### Work required
If an entry holds a picture, skip the picture but copy everything else exactly.

### Provided records
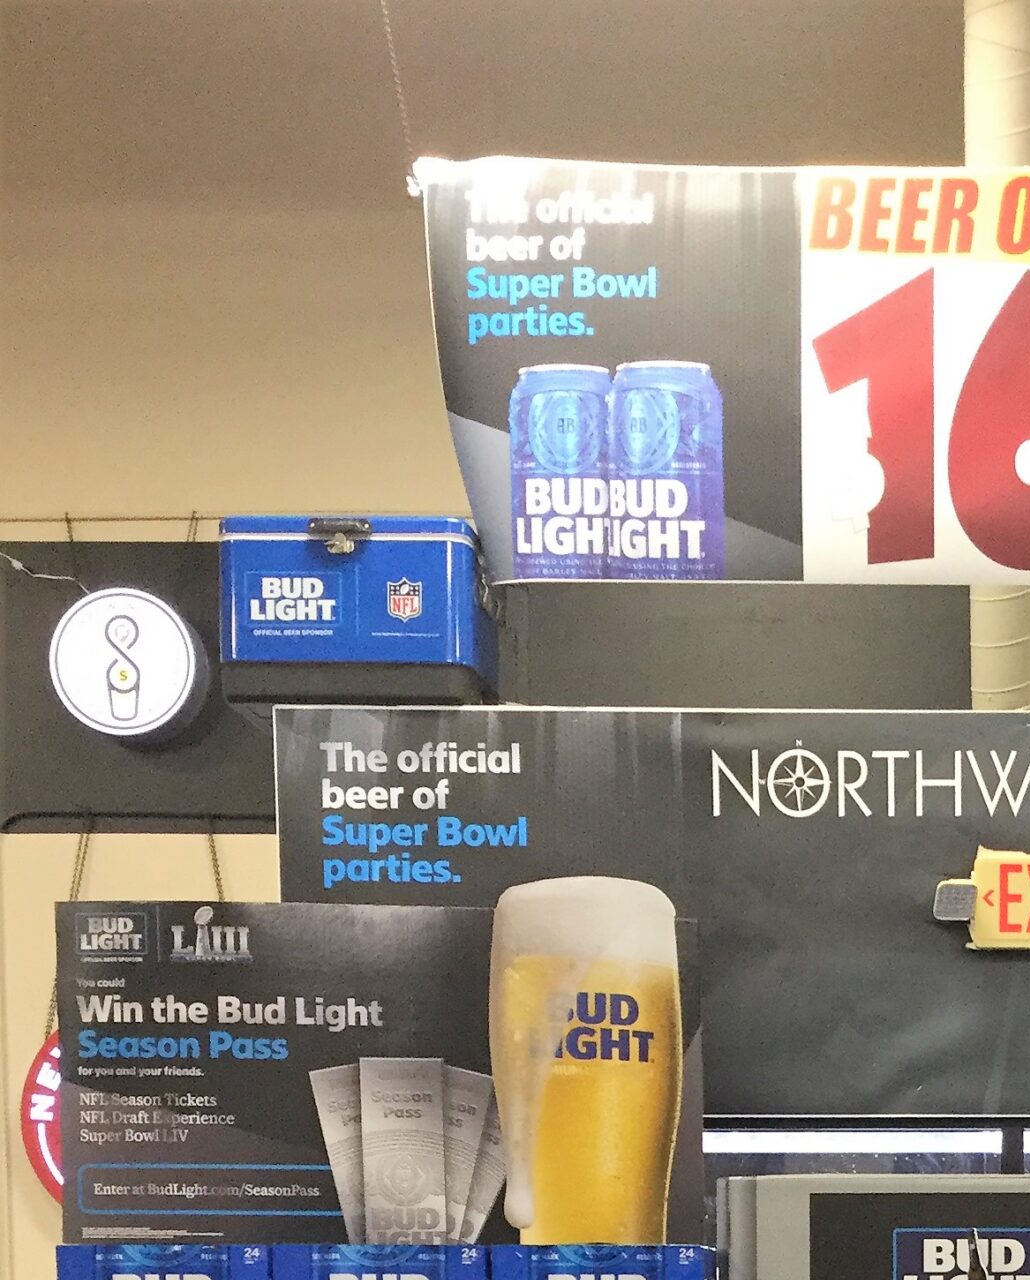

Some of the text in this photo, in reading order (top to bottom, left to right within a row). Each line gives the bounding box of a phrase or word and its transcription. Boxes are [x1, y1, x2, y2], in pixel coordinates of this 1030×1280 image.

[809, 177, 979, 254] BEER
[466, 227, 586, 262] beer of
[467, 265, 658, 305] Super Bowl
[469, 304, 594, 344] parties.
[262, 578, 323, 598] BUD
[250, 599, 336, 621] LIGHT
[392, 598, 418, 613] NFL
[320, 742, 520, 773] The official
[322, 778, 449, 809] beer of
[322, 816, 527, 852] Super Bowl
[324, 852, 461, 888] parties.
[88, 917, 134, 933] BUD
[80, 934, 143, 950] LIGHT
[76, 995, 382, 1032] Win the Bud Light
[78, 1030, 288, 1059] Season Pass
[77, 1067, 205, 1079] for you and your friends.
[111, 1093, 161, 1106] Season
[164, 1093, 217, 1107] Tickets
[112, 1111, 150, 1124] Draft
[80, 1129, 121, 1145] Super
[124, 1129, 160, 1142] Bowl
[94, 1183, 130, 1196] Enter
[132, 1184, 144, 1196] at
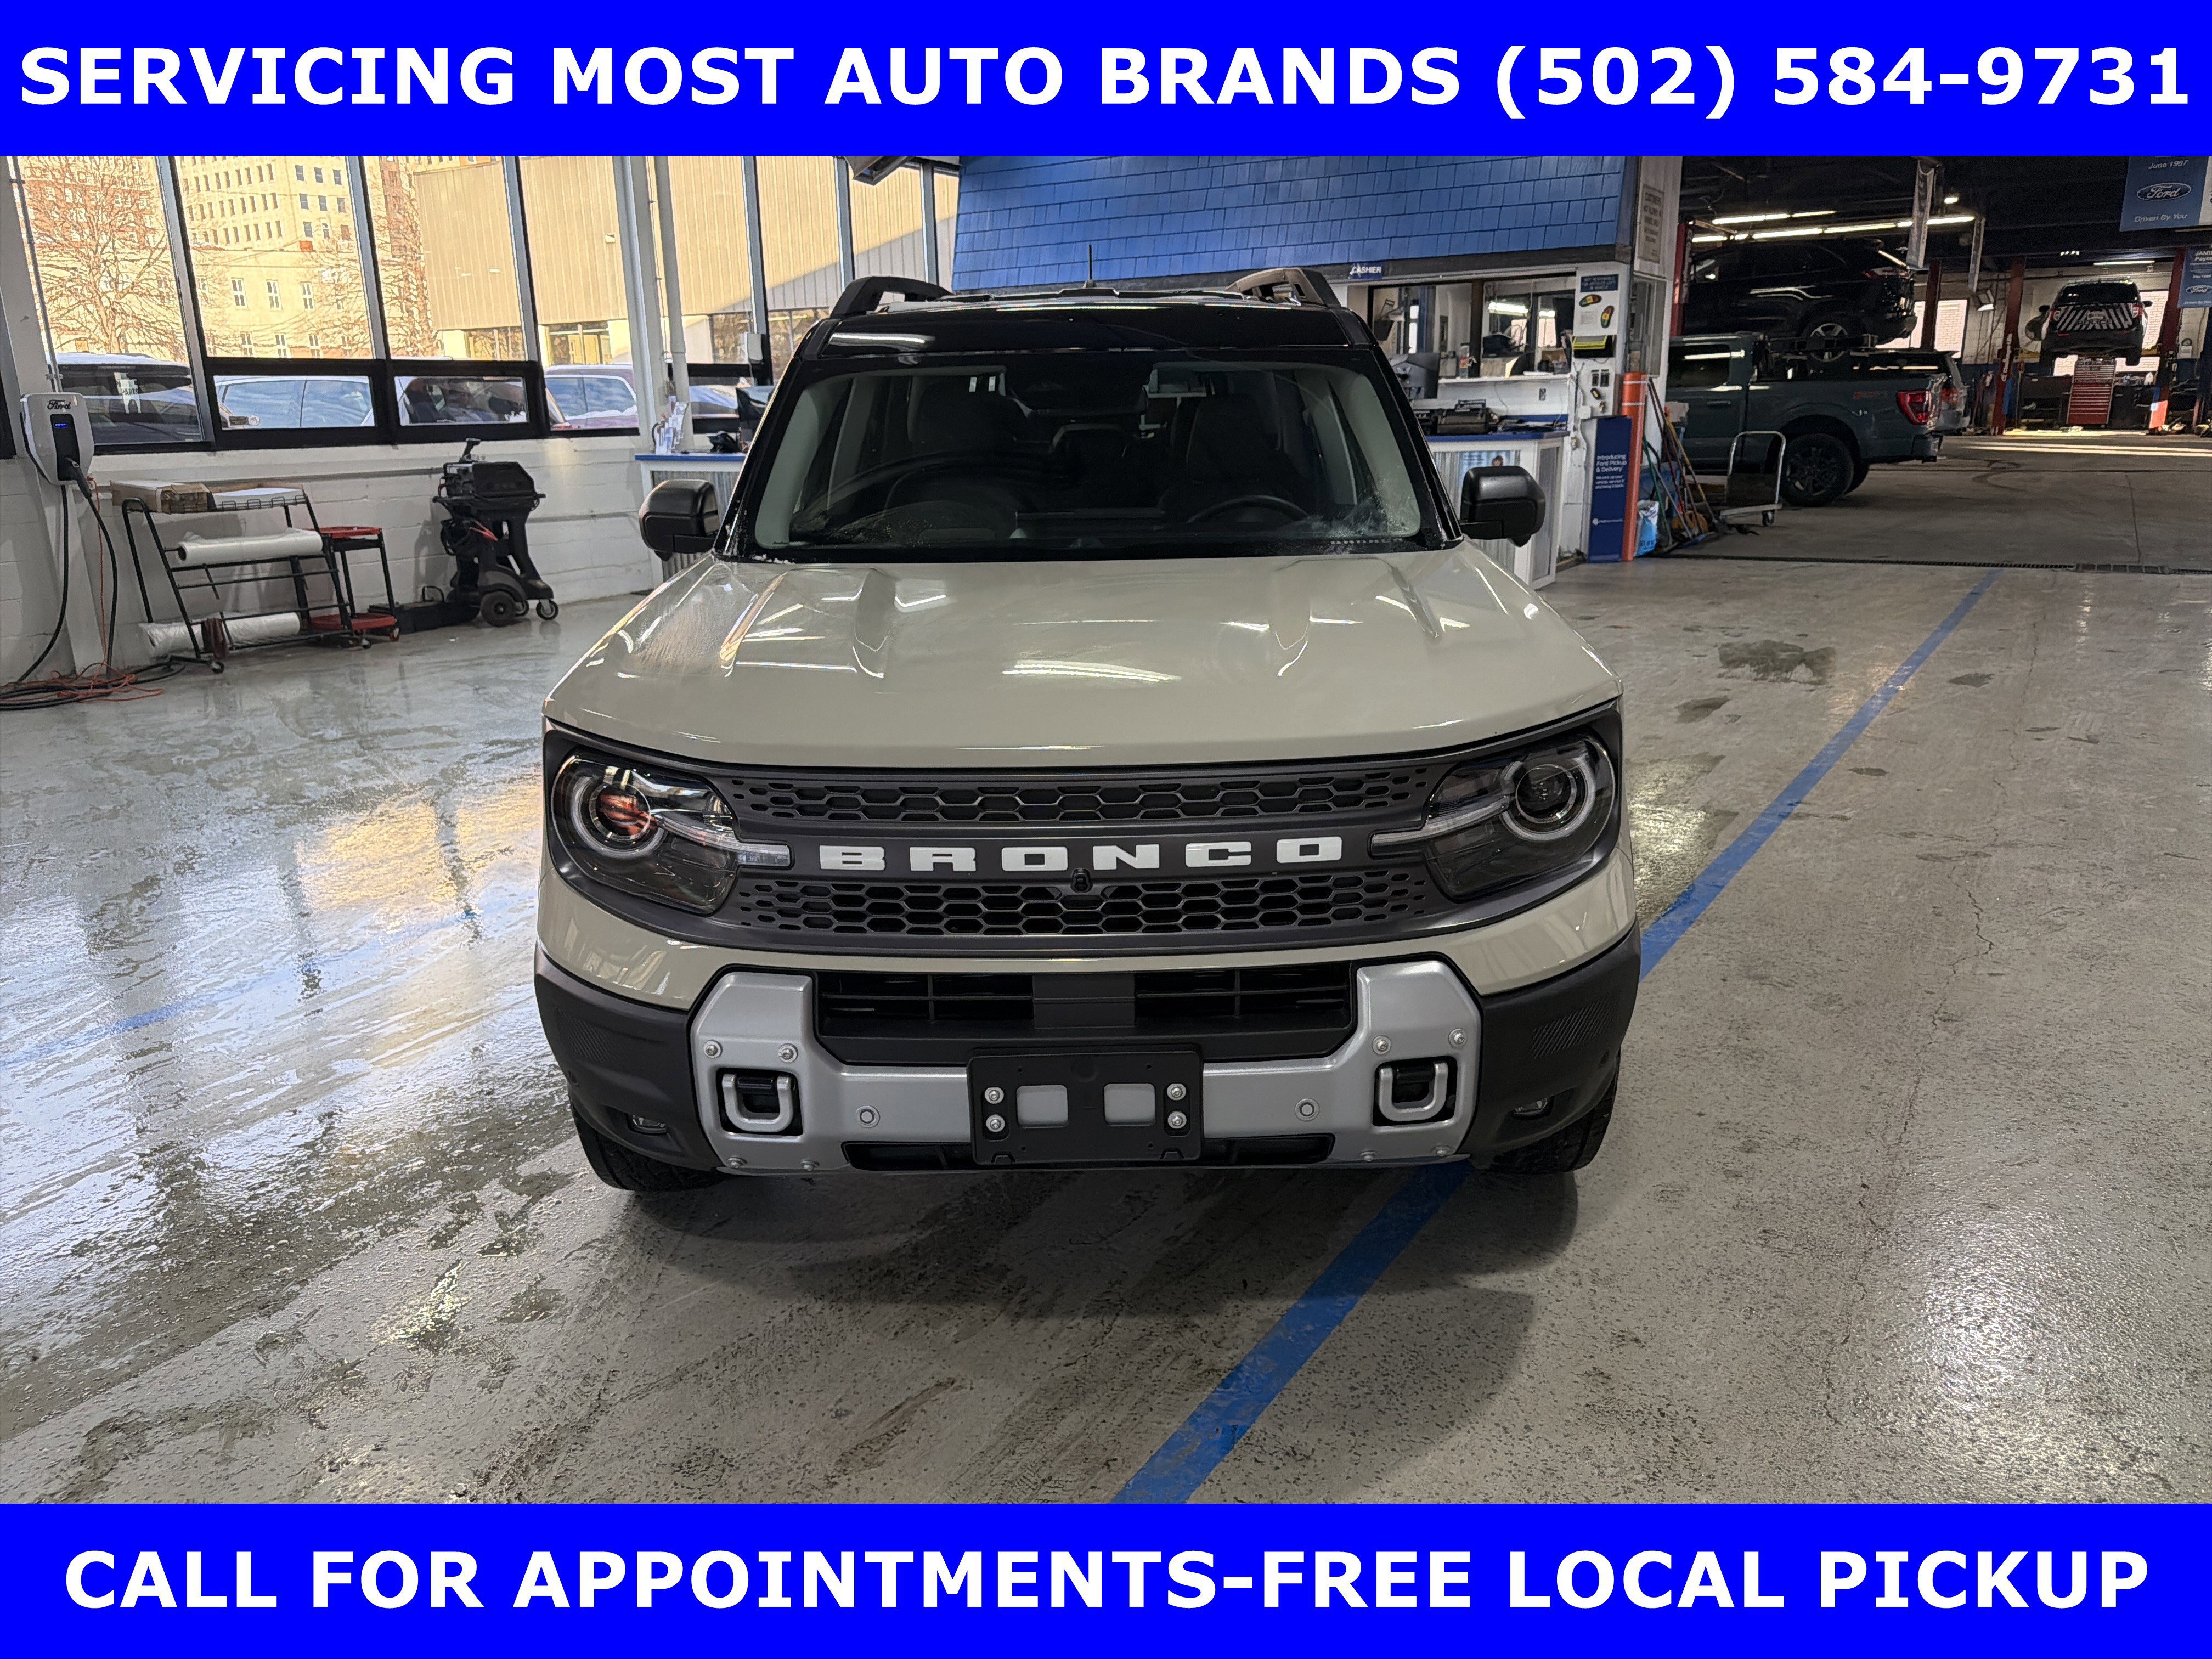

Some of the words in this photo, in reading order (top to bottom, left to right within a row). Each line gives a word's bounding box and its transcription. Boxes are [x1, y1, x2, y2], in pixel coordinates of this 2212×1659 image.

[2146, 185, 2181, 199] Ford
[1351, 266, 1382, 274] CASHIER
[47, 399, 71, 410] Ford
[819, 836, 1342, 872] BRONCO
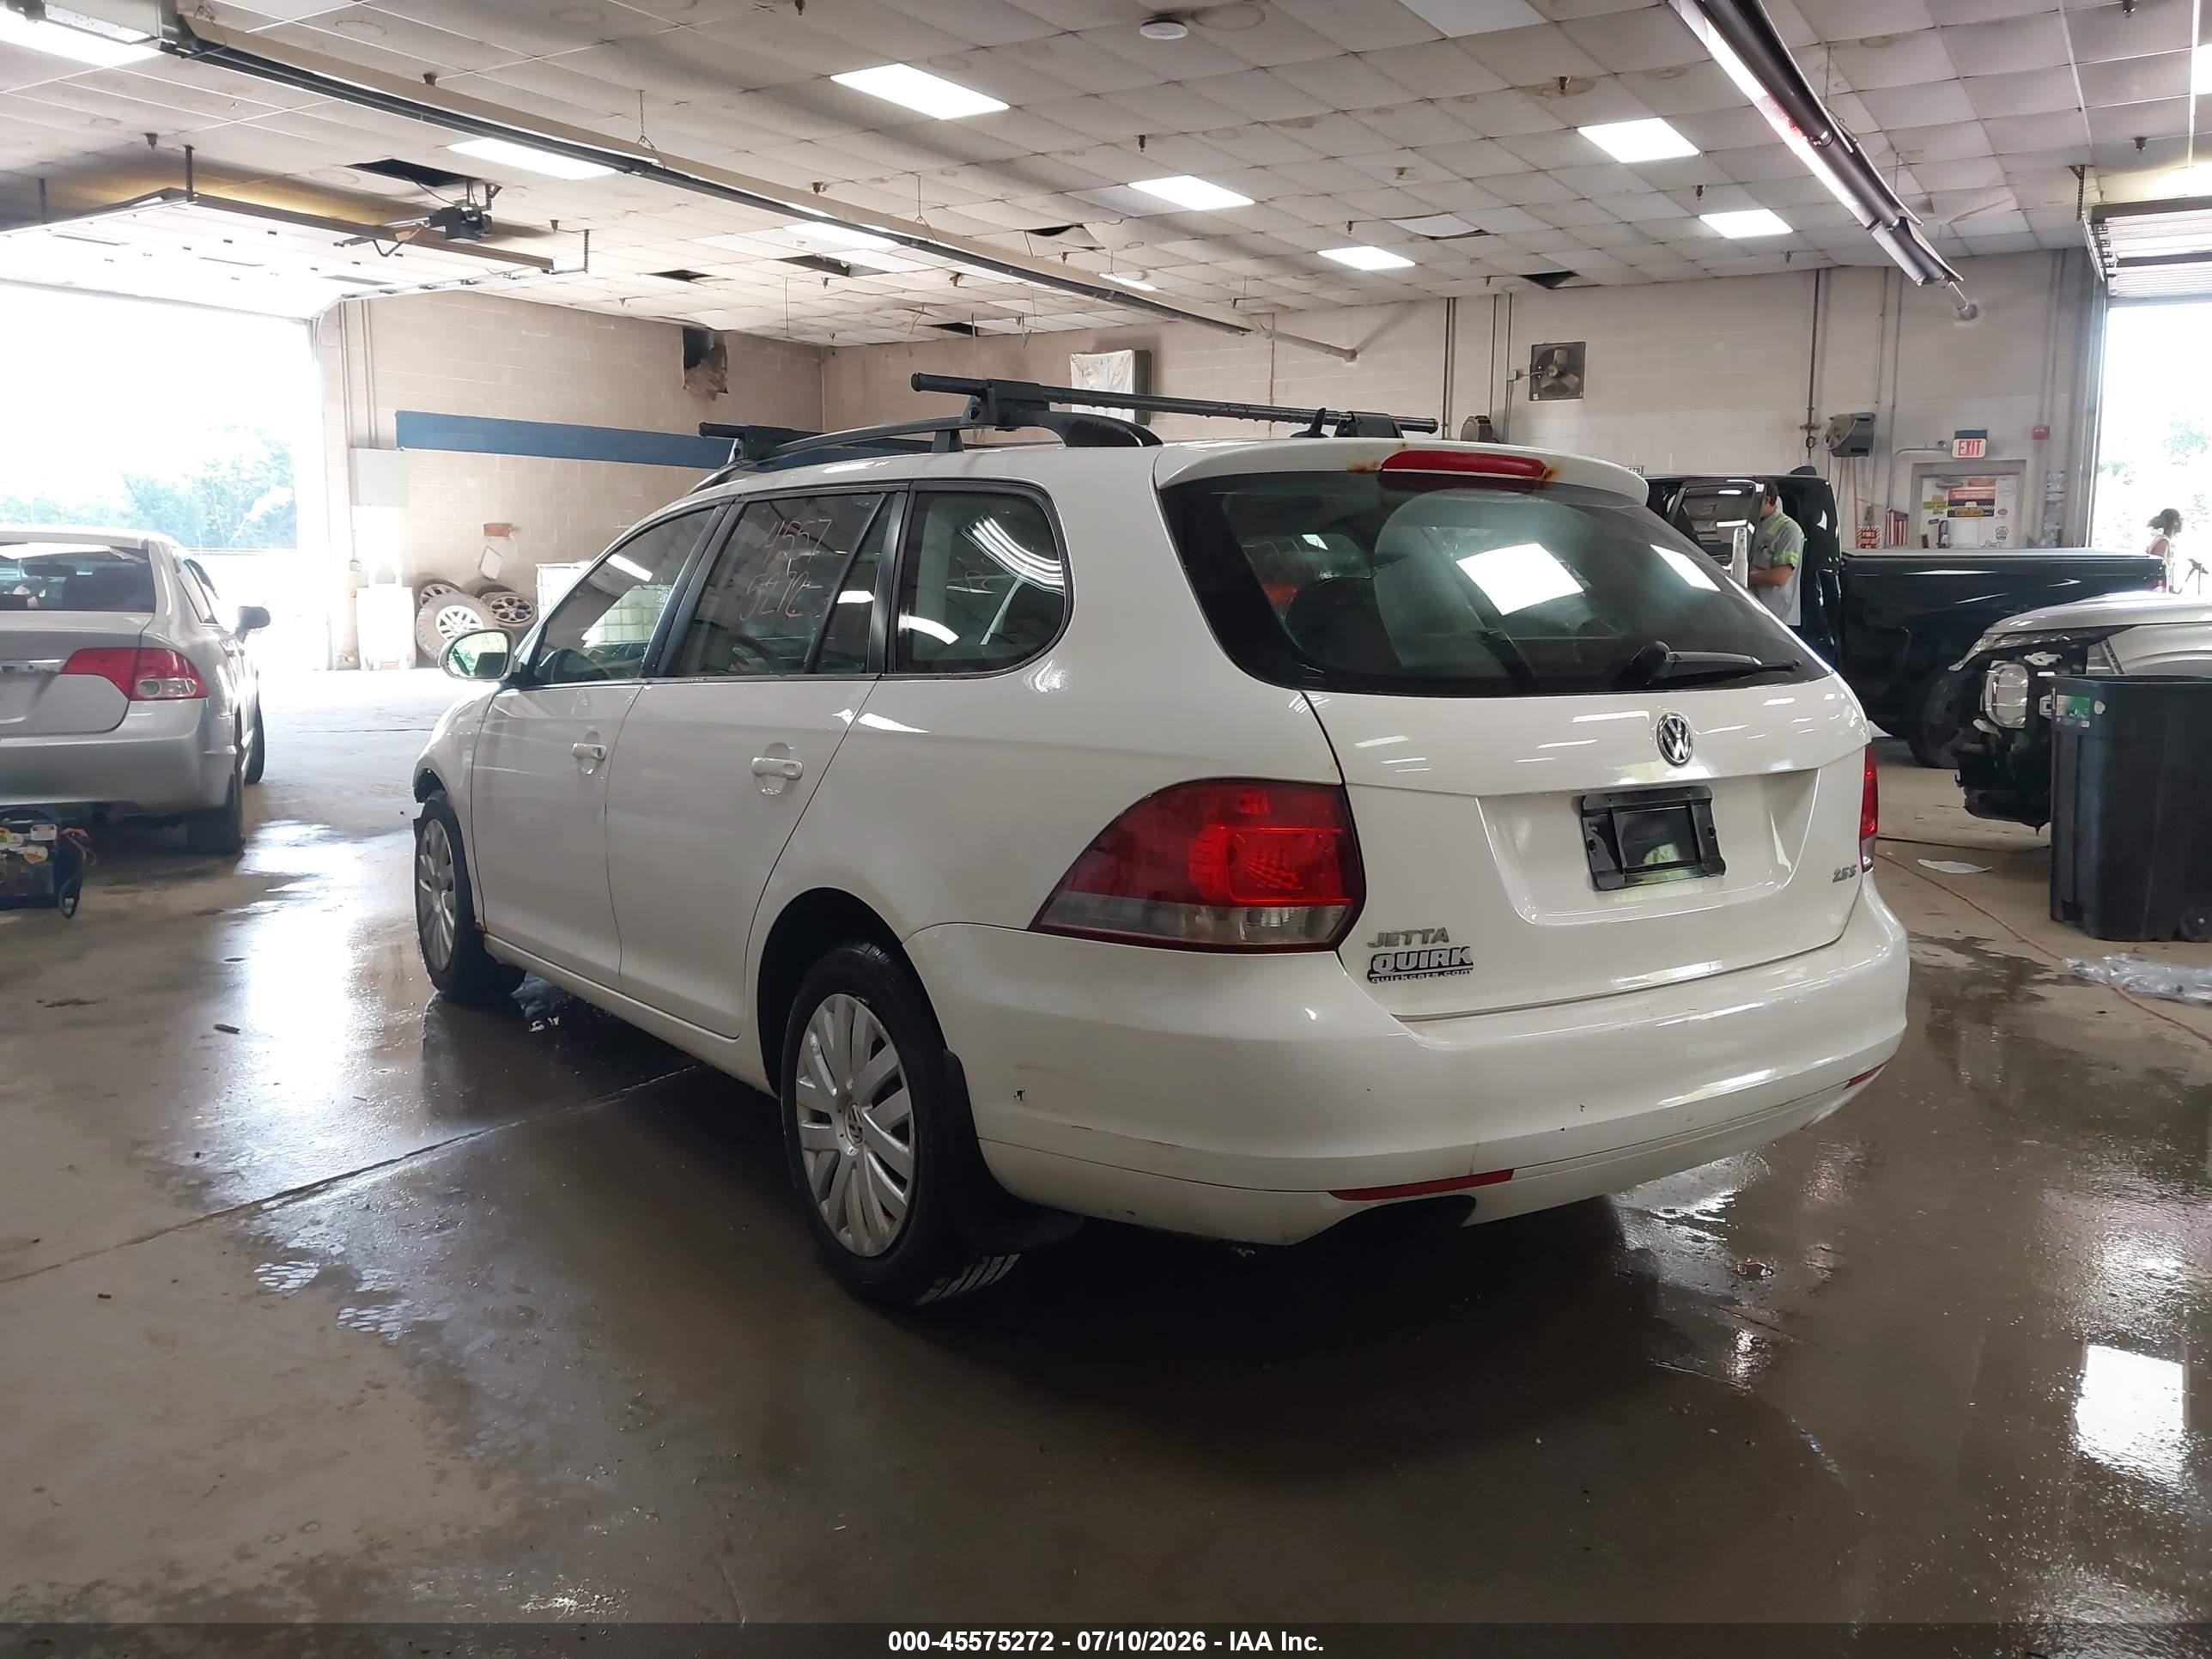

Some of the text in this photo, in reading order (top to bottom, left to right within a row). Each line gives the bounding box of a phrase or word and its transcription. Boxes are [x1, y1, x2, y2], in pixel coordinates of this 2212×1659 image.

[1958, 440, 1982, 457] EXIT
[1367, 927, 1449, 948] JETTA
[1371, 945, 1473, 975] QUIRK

### Answer to the problem
Some of the text in this photo, in reading order (top to bottom, left to right within a row). Each line gives the bounding box of a phrase or word and its transcription. Boxes are [x1, y1, x2, y2], in pixel coordinates of this 1030×1280 image.

[809, 177, 979, 254] BEER
[466, 227, 586, 262] beer of
[467, 265, 658, 305] Super Bowl
[469, 304, 594, 344] parties.
[262, 578, 323, 598] BUD
[250, 599, 336, 621] LIGHT
[392, 598, 418, 613] NFL
[320, 742, 520, 773] The official
[322, 778, 449, 809] beer of
[322, 816, 527, 852] Super Bowl
[324, 852, 461, 888] parties.
[88, 917, 134, 933] BUD
[80, 934, 143, 950] LIGHT
[76, 995, 382, 1032] Win the Bud Light
[78, 1030, 288, 1059] Season Pass
[77, 1067, 205, 1079] for you and your friends.
[111, 1093, 161, 1106] Season
[164, 1093, 217, 1107] Tickets
[112, 1111, 150, 1124] Draft
[80, 1129, 121, 1145] Super
[124, 1129, 160, 1142] Bowl
[94, 1183, 130, 1196] Enter
[132, 1184, 144, 1196] at

Some of the words in this photo, in reading order (top to bottom, left to right within a row). Each line gives a word's bounding box and its transcription. Boxes are [x1, y1, x2, y2], in pixel coordinates of this 2212×1659 image.

[2146, 185, 2181, 199] Ford
[1351, 266, 1382, 274] CASHIER
[47, 399, 71, 410] Ford
[819, 836, 1342, 872] BRONCO

Some of the text in this photo, in reading order (top to bottom, left to right within a row). Each line gives the bounding box of a phrase or word and its transcription. Boxes are [x1, y1, x2, y2], in pixel coordinates of this 2212×1659 image.

[1958, 440, 1982, 457] EXIT
[1367, 927, 1449, 948] JETTA
[1371, 945, 1473, 975] QUIRK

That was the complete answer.